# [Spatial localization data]
★ ★ ★ ★ ★

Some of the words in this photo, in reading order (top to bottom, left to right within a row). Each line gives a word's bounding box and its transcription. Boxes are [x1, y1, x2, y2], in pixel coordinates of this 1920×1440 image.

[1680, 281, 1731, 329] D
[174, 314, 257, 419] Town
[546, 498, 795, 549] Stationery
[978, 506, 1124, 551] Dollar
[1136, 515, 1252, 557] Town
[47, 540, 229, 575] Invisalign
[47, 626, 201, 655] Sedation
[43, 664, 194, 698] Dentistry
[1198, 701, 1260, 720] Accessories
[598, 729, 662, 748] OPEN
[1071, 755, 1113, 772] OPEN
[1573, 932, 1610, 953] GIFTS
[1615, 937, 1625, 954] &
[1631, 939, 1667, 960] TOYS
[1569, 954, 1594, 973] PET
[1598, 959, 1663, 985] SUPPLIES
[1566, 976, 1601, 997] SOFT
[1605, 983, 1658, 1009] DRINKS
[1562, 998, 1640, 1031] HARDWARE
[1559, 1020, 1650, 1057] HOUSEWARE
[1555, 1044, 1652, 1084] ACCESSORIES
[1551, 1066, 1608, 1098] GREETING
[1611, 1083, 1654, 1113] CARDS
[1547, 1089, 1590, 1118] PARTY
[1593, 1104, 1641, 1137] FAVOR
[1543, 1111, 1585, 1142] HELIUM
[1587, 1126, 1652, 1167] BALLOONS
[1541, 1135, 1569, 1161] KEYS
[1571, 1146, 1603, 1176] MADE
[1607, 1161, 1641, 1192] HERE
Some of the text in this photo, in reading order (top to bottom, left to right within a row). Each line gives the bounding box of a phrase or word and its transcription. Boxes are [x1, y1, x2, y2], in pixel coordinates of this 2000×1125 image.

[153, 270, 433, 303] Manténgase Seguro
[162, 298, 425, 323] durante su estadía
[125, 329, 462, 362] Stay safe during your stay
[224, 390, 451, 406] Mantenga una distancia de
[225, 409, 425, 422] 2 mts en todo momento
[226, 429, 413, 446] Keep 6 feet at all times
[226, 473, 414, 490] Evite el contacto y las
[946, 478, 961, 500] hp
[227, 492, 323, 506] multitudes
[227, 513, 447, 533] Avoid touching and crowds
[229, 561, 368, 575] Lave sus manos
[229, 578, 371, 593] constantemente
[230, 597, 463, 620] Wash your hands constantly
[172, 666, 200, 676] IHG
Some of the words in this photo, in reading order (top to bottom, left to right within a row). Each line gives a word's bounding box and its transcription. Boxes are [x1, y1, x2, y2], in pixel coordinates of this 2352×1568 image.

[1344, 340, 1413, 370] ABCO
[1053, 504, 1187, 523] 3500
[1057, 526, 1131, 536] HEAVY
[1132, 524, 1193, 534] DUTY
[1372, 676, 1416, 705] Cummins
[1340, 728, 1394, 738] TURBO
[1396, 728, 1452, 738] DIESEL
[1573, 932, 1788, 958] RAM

★ ★ ★ ★ ★

# [What is required]
Repeat the records verbatim, every one of them.

# [The completed task]
Some of the words in this photo, in reading order (top to bottom, left to right within a row). Each line gives a word's bounding box and its transcription. Boxes are [x1, y1, x2, y2], in pixel coordinates of this 1920×1440 image.

[1680, 281, 1731, 329] D
[174, 314, 257, 419] Town
[546, 498, 795, 549] Stationery
[978, 506, 1124, 551] Dollar
[1136, 515, 1252, 557] Town
[47, 540, 229, 575] Invisalign
[47, 626, 201, 655] Sedation
[43, 664, 194, 698] Dentistry
[1198, 701, 1260, 720] Accessories
[598, 729, 662, 748] OPEN
[1071, 755, 1113, 772] OPEN
[1573, 932, 1610, 953] GIFTS
[1615, 937, 1625, 954] &
[1631, 939, 1667, 960] TOYS
[1569, 954, 1594, 973] PET
[1598, 959, 1663, 985] SUPPLIES
[1566, 976, 1601, 997] SOFT
[1605, 983, 1658, 1009] DRINKS
[1562, 998, 1640, 1031] HARDWARE
[1559, 1020, 1650, 1057] HOUSEWARE
[1555, 1044, 1652, 1084] ACCESSORIES
[1551, 1066, 1608, 1098] GREETING
[1611, 1083, 1654, 1113] CARDS
[1547, 1089, 1590, 1118] PARTY
[1593, 1104, 1641, 1137] FAVOR
[1543, 1111, 1585, 1142] HELIUM
[1587, 1126, 1652, 1167] BALLOONS
[1541, 1135, 1569, 1161] KEYS
[1571, 1146, 1603, 1176] MADE
[1607, 1161, 1641, 1192] HERE
Some of the text in this photo, in reading order (top to bottom, left to right within a row). Each line gives the bounding box of a phrase or word and its transcription. Boxes are [x1, y1, x2, y2], in pixel coordinates of this 2000×1125 image.

[153, 270, 433, 303] Manténgase Seguro
[162, 298, 425, 323] durante su estadía
[125, 329, 462, 362] Stay safe during your stay
[224, 390, 451, 406] Mantenga una distancia de
[225, 409, 425, 422] 2 mts en todo momento
[226, 429, 413, 446] Keep 6 feet at all times
[226, 473, 414, 490] Evite el contacto y las
[946, 478, 961, 500] hp
[227, 492, 323, 506] multitudes
[227, 513, 447, 533] Avoid touching and crowds
[229, 561, 368, 575] Lave sus manos
[229, 578, 371, 593] constantemente
[230, 597, 463, 620] Wash your hands constantly
[172, 666, 200, 676] IHG
Some of the words in this photo, in reading order (top to bottom, left to right within a row). Each line gives a word's bounding box and its transcription. Boxes are [x1, y1, x2, y2], in pixel coordinates of this 2352×1568 image.

[1344, 340, 1413, 370] ABCO
[1053, 504, 1187, 523] 3500
[1057, 526, 1131, 536] HEAVY
[1132, 524, 1193, 534] DUTY
[1372, 676, 1416, 705] Cummins
[1340, 728, 1394, 738] TURBO
[1396, 728, 1452, 738] DIESEL
[1573, 932, 1788, 958] RAM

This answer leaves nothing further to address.